- **Source information**:
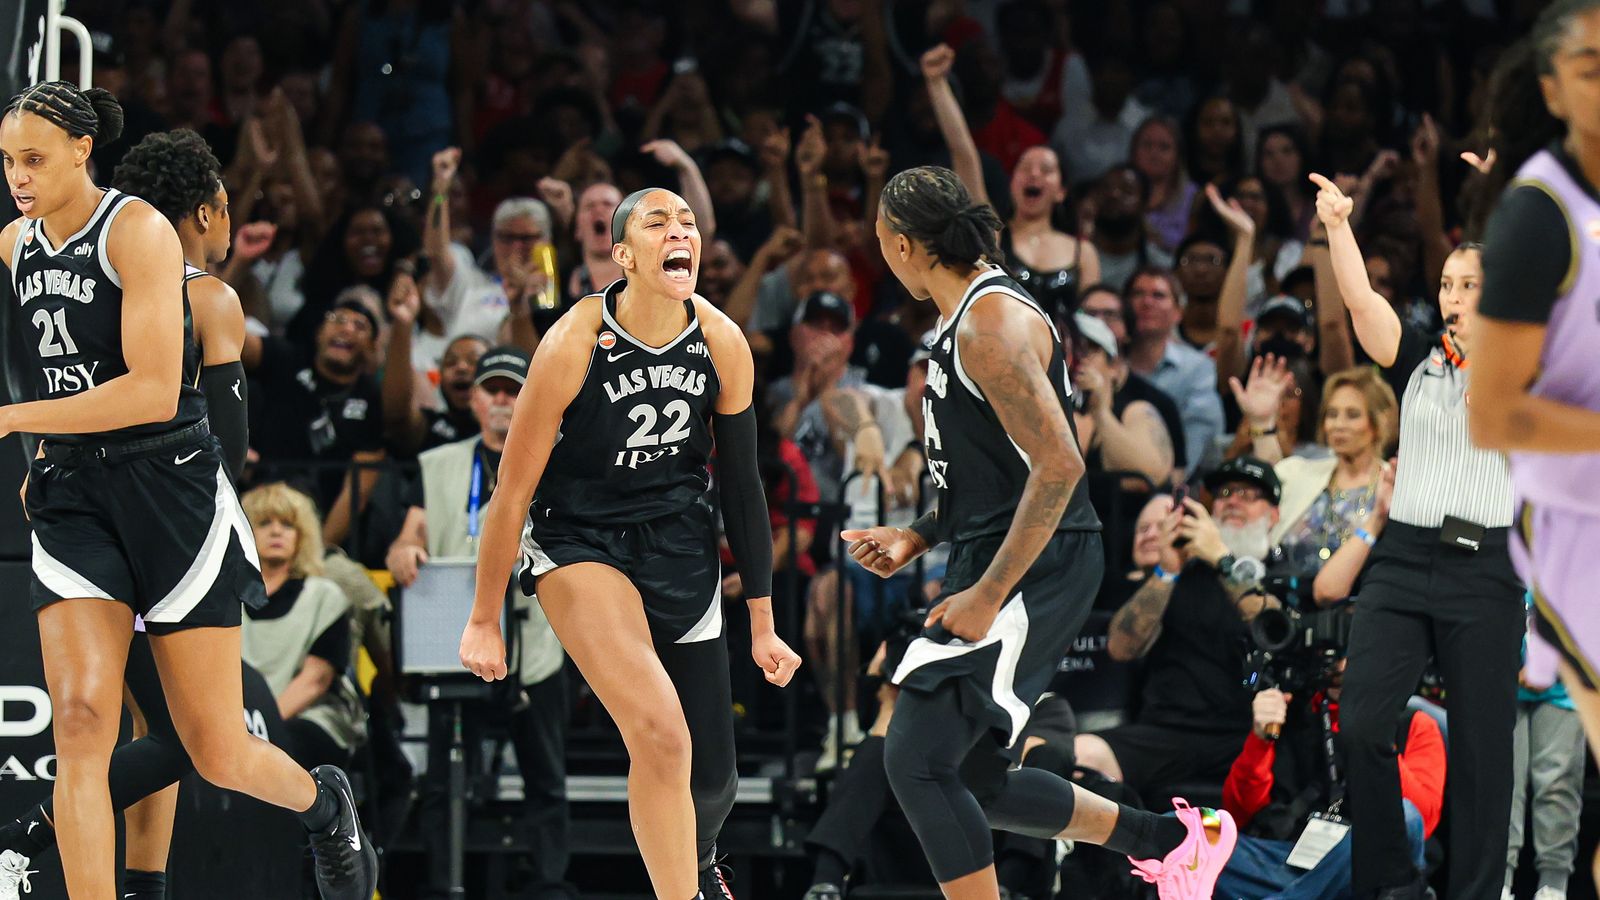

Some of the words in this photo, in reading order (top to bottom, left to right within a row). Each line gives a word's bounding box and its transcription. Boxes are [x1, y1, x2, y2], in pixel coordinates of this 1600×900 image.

[74, 242, 95, 258] ally
[18, 270, 43, 307] LAS
[44, 269, 97, 304] VEGAS
[31, 308, 79, 358] 21
[603, 368, 647, 404] LAS
[647, 364, 707, 397] VEGAS
[626, 399, 692, 449] 22
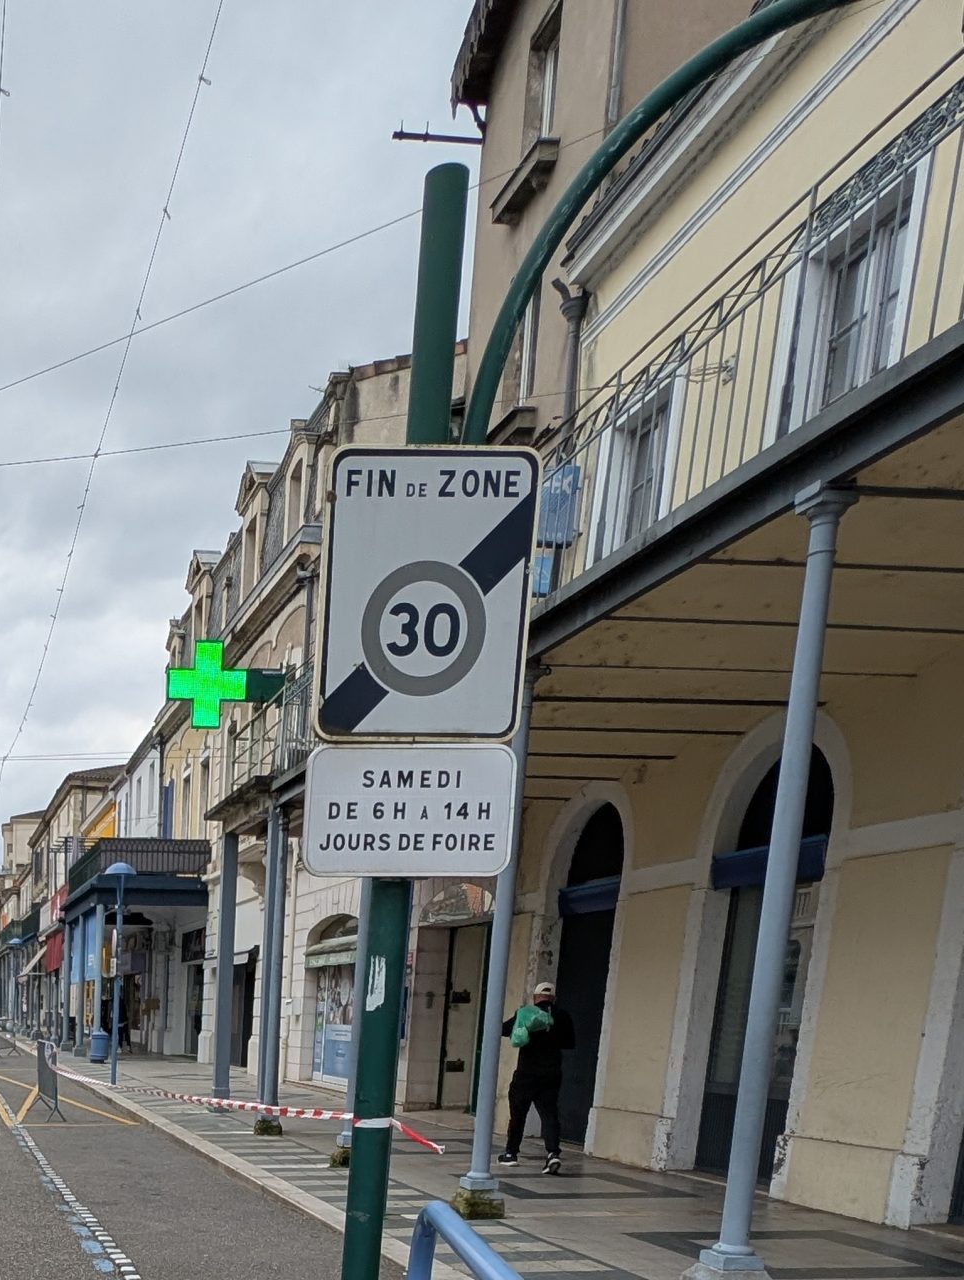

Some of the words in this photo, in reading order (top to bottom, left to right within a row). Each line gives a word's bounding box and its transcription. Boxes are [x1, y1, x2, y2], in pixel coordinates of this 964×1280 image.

[345, 469, 397, 498] FIN
[405, 482, 428, 498] DE
[438, 469, 522, 498] ZONE
[386, 602, 461, 658] 30
[362, 770, 462, 789] SAMEDI
[327, 801, 359, 820] DE
[319, 833, 391, 852] JOURS
[397, 833, 426, 852] DE
[431, 833, 496, 852] FOIRE
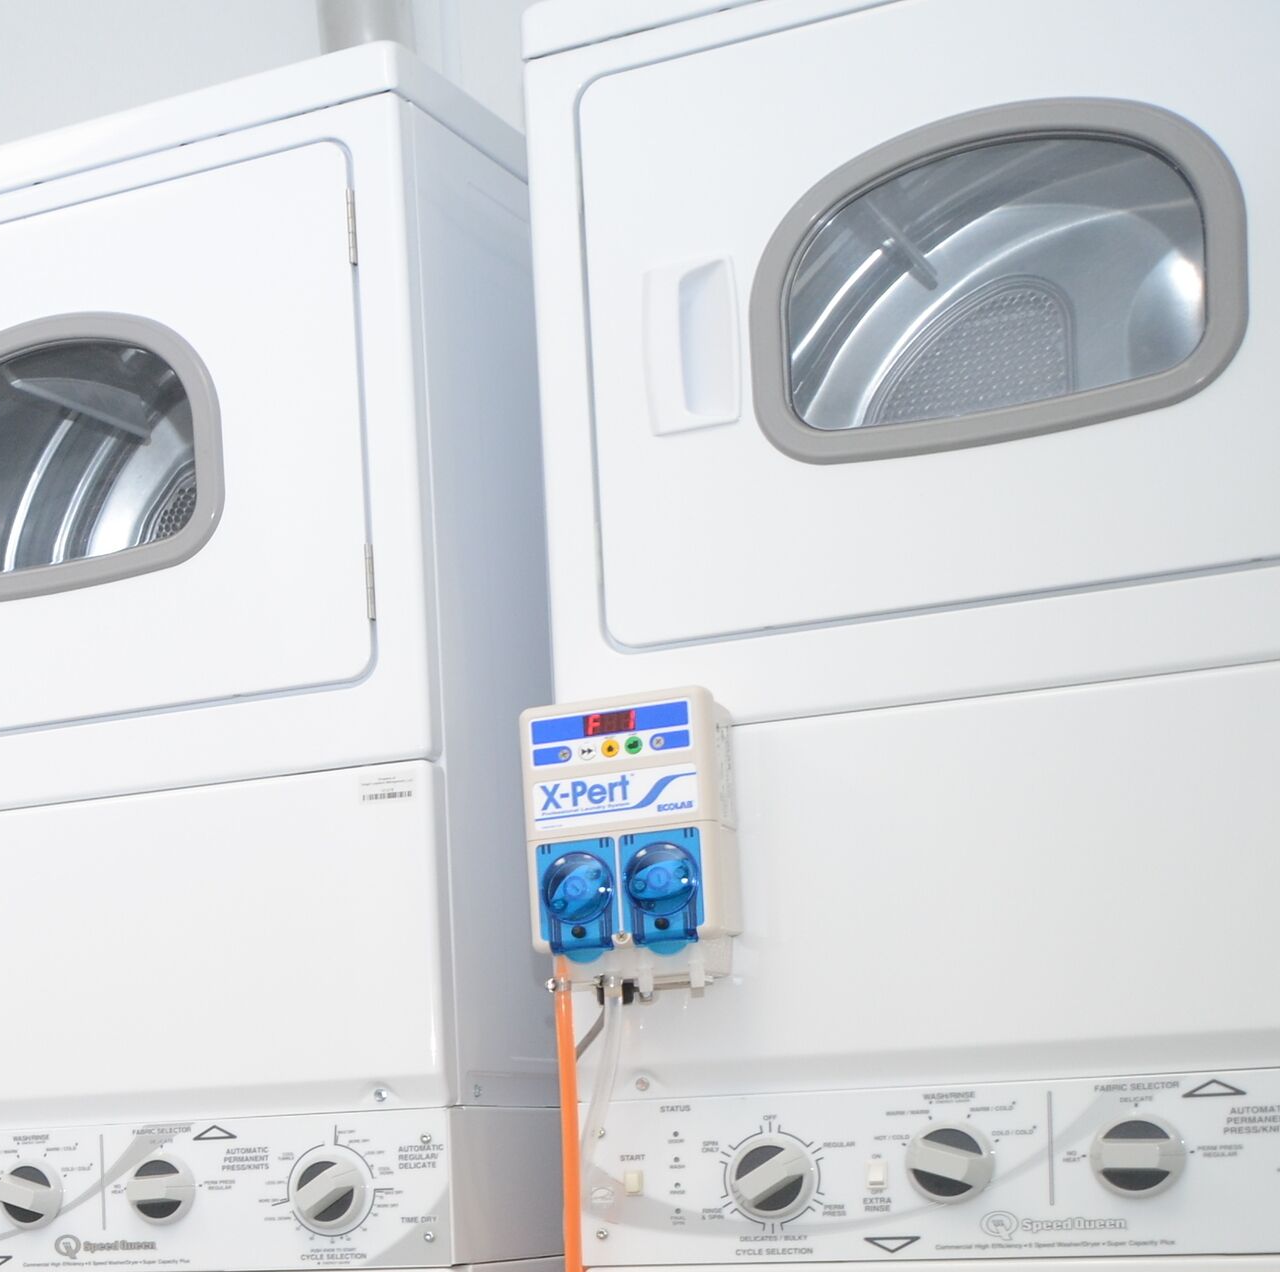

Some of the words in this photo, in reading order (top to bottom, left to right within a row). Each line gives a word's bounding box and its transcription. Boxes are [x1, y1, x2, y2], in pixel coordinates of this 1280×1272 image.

[540, 775, 630, 811] X-Pert
[657, 800, 694, 812] ECOLAB
[1094, 1083, 1128, 1093] FABRIC
[1130, 1081, 1180, 1091] SELECTOR
[660, 1105, 691, 1113] STATUS
[398, 1144, 444, 1152] AUTOMATIC
[620, 1154, 646, 1162] START
[221, 1163, 270, 1171] PRESS/KNITS
[398, 1162, 437, 1170] DELICATE
[862, 1197, 892, 1205] EXTRA
[1021, 1217, 1072, 1233] Speed
[1074, 1216, 1127, 1230] Queen
[83, 1240, 119, 1253] Speed
[765, 1248, 814, 1256] SELECTION
[300, 1253, 325, 1261] CYCLE
[326, 1252, 368, 1260] SELECTION
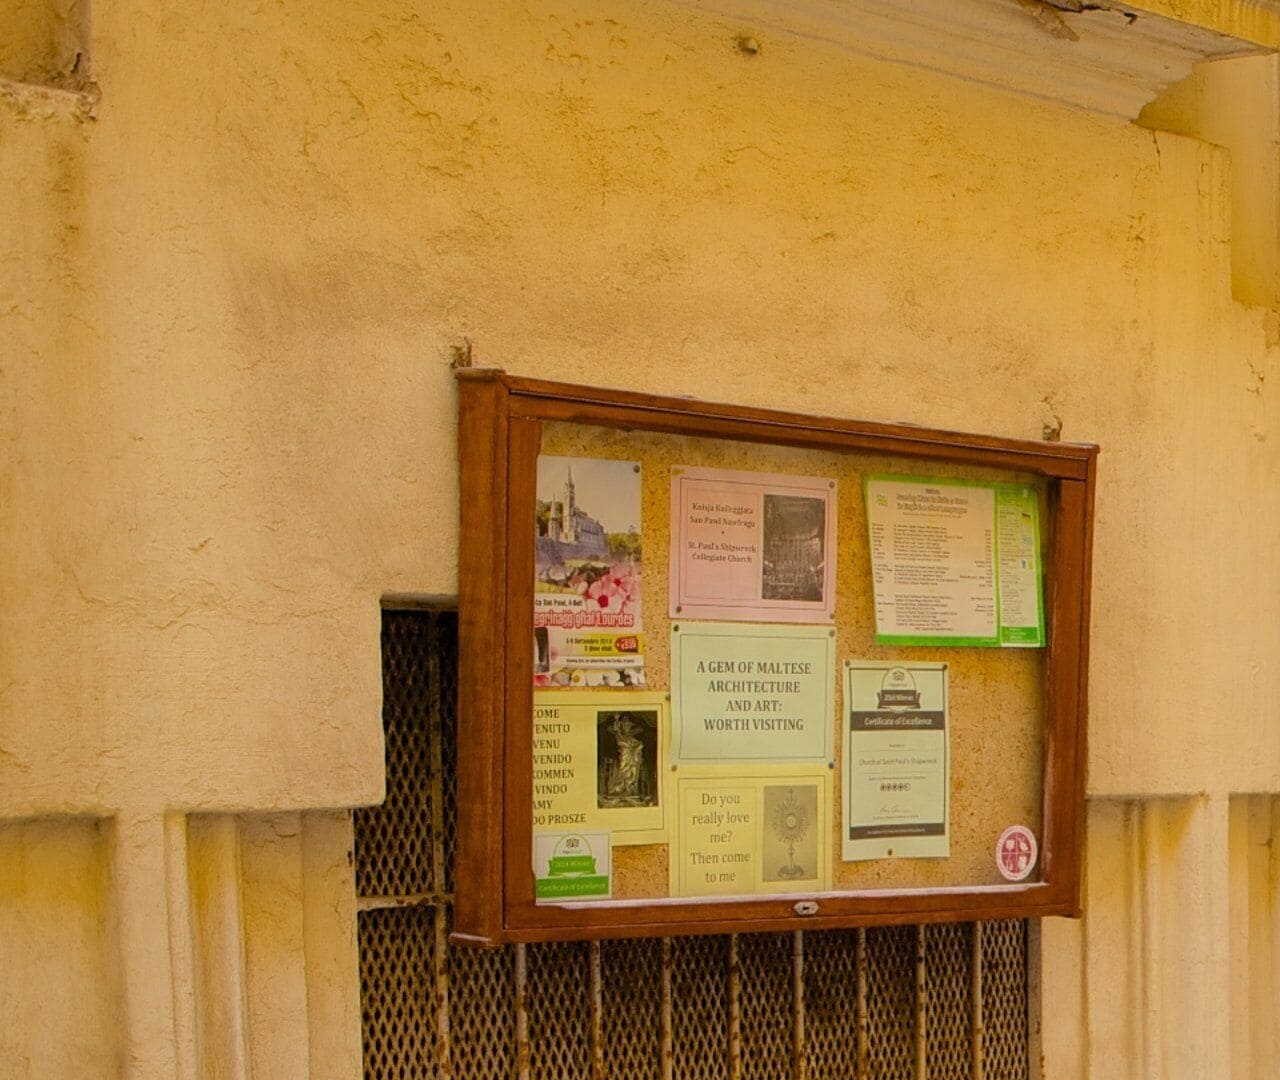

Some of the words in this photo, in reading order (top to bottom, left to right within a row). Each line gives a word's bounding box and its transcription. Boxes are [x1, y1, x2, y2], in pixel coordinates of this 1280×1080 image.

[692, 502, 714, 512] Knisja
[689, 516, 703, 524] San
[704, 517, 721, 525] Pawl
[698, 541, 719, 550] Paul's
[720, 543, 757, 552] Shipwreck
[692, 552, 726, 562] Collegiate
[727, 554, 753, 563] Church
[595, 610, 635, 628] Lourdes
[696, 660, 705, 673] A
[708, 661, 735, 673] GEM
[737, 661, 754, 674] OF
[756, 662, 812, 675] MALTESE
[707, 680, 801, 693] ARCHITECTURE
[726, 699, 752, 712] AND
[754, 699, 783, 712] ART:
[533, 709, 560, 719] OME
[703, 718, 750, 731] WORTH
[752, 718, 804, 731] VISITING
[864, 716, 894, 726] Certificate
[534, 723, 570, 734] ENUTO
[701, 792, 717, 805] Do
[719, 794, 741, 807] you
[548, 813, 587, 825] PROSZE
[691, 811, 724, 827] really
[726, 811, 751, 824] love
[709, 830, 733, 843] me?
[690, 852, 719, 865] Then
[721, 853, 751, 863] come
[705, 872, 717, 883] to
[719, 872, 737, 882] me
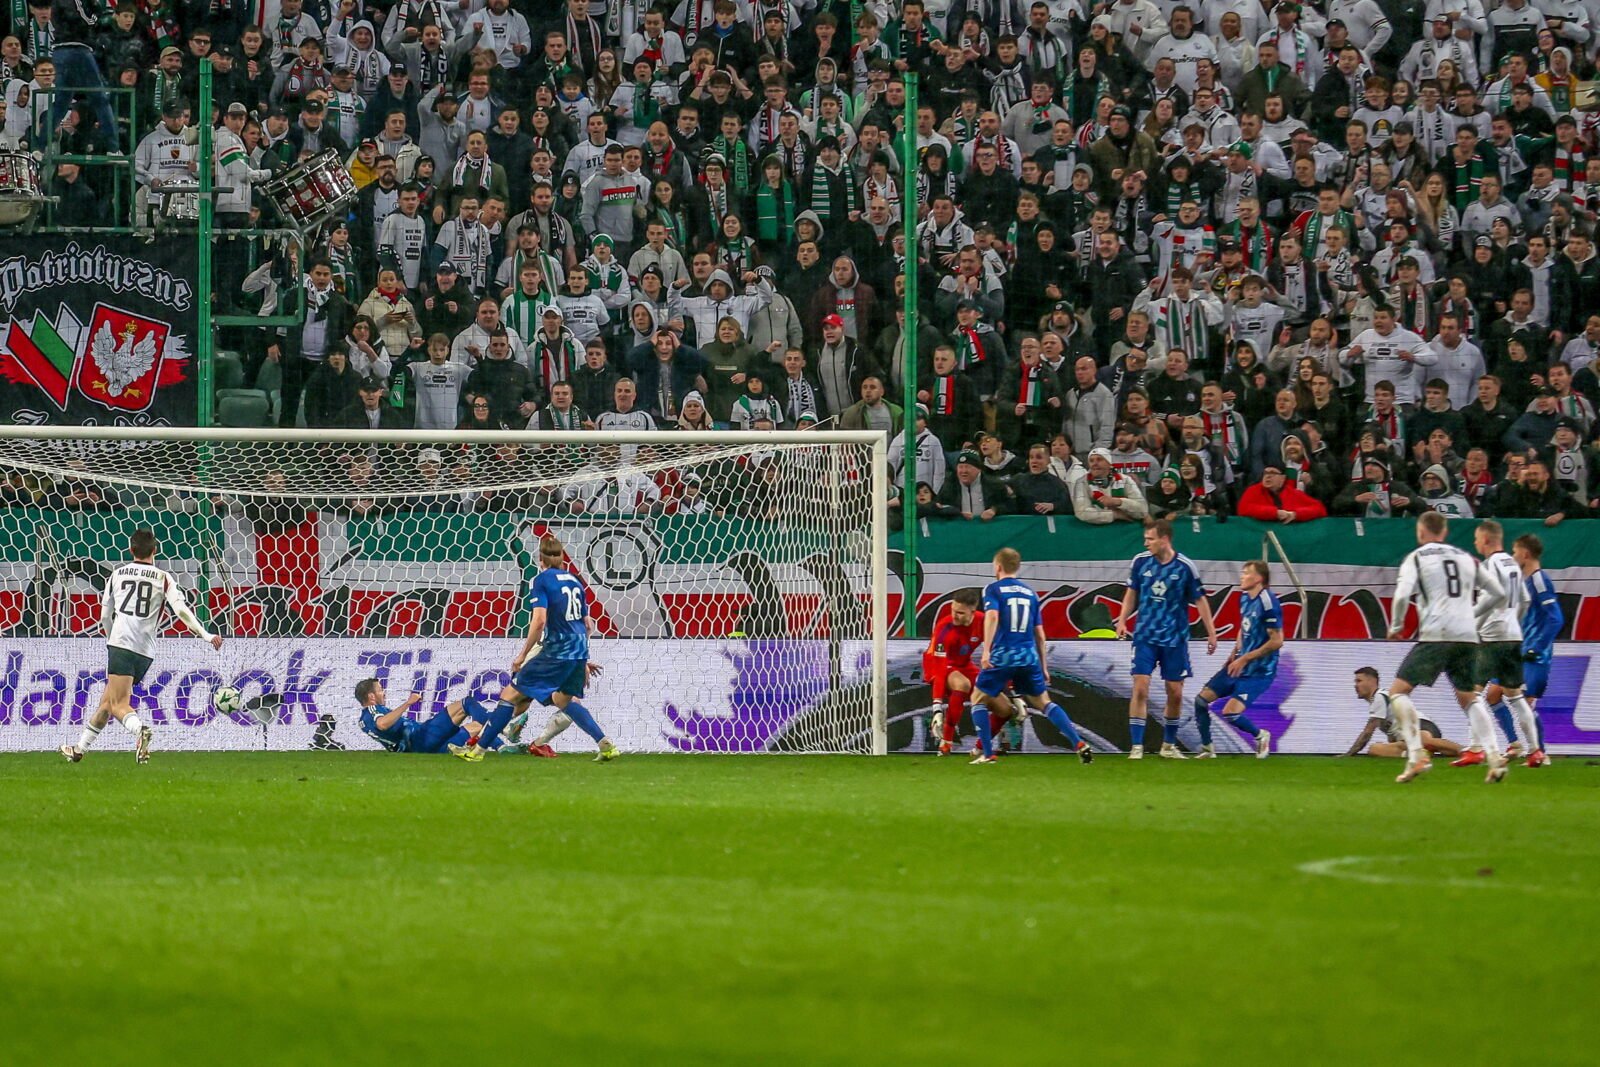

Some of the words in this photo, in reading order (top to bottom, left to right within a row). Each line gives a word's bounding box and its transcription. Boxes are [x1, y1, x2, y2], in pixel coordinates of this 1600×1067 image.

[118, 568, 139, 578] MARC
[141, 569, 159, 580] GUAL
[1443, 559, 1462, 598] 8
[119, 580, 153, 618] 28
[561, 585, 582, 622] 26
[1007, 597, 1031, 632] 17

- **Task requirements**:
Please write out every line of the listing above exactly, and leave the images behind.

- **Reply**:
Some of the words in this photo, in reading order (top to bottom, left to right within a row). Each line gives a word's bounding box and its transcription. Boxes are [x1, y1, x2, y2], in pixel coordinates of this 1600×900 image.

[74, 242, 95, 258] ally
[18, 270, 43, 307] LAS
[44, 269, 97, 304] VEGAS
[31, 308, 79, 358] 21
[603, 368, 647, 404] LAS
[647, 364, 707, 397] VEGAS
[626, 399, 692, 449] 22

Some of the words in this photo, in reading order (top to bottom, left to right within a row). Each line gives a word's bounding box and its transcription. Boxes are [x1, y1, x2, y2], in pixel coordinates of this 964×1280 image.

[345, 469, 397, 498] FIN
[405, 482, 428, 498] DE
[438, 469, 522, 498] ZONE
[386, 602, 461, 658] 30
[362, 770, 462, 789] SAMEDI
[327, 801, 359, 820] DE
[319, 833, 391, 852] JOURS
[397, 833, 426, 852] DE
[431, 833, 496, 852] FOIRE

Some of the words in this photo, in reading order (top to bottom, left to right within a row). Each line gives a word's bounding box and its transcription. Boxes are [x1, y1, x2, y2], in pixel coordinates of this 1280×1272 image.

[540, 775, 630, 811] X-Pert
[657, 800, 694, 812] ECOLAB
[1094, 1083, 1128, 1093] FABRIC
[1130, 1081, 1180, 1091] SELECTOR
[660, 1105, 691, 1113] STATUS
[398, 1144, 444, 1152] AUTOMATIC
[620, 1154, 646, 1162] START
[221, 1163, 270, 1171] PRESS/KNITS
[398, 1162, 437, 1170] DELICATE
[862, 1197, 892, 1205] EXTRA
[1021, 1217, 1072, 1233] Speed
[1074, 1216, 1127, 1230] Queen
[83, 1240, 119, 1253] Speed
[765, 1248, 814, 1256] SELECTION
[300, 1253, 325, 1261] CYCLE
[326, 1252, 368, 1260] SELECTION

Some of the words in this photo, in reading order (top to bottom, left to right within a row). Each line gives a word's bounding box and its transcription. Boxes are [x1, y1, x2, y2], in pixel coordinates of this 1280×1080 image.

[692, 502, 714, 512] Knisja
[689, 516, 703, 524] San
[704, 517, 721, 525] Pawl
[698, 541, 719, 550] Paul's
[720, 543, 757, 552] Shipwreck
[692, 552, 726, 562] Collegiate
[727, 554, 753, 563] Church
[595, 610, 635, 628] Lourdes
[696, 660, 705, 673] A
[708, 661, 735, 673] GEM
[737, 661, 754, 674] OF
[756, 662, 812, 675] MALTESE
[707, 680, 801, 693] ARCHITECTURE
[726, 699, 752, 712] AND
[754, 699, 783, 712] ART:
[533, 709, 560, 719] OME
[703, 718, 750, 731] WORTH
[752, 718, 804, 731] VISITING
[864, 716, 894, 726] Certificate
[534, 723, 570, 734] ENUTO
[701, 792, 717, 805] Do
[719, 794, 741, 807] you
[548, 813, 587, 825] PROSZE
[691, 811, 724, 827] really
[726, 811, 751, 824] love
[709, 830, 733, 843] me?
[690, 852, 719, 865] Then
[721, 853, 751, 863] come
[705, 872, 717, 883] to
[719, 872, 737, 882] me

Some of the words in this photo, in reading order (top to bottom, left to right within a row). Each line gives a word's bounding box and its transcription. Boxes are [x1, y1, x2, y2], in pixel coordinates of this 1600×1067 image.

[118, 568, 139, 578] MARC
[141, 569, 159, 580] GUAL
[1443, 559, 1462, 598] 8
[119, 580, 153, 618] 28
[561, 585, 582, 622] 26
[1007, 597, 1031, 632] 17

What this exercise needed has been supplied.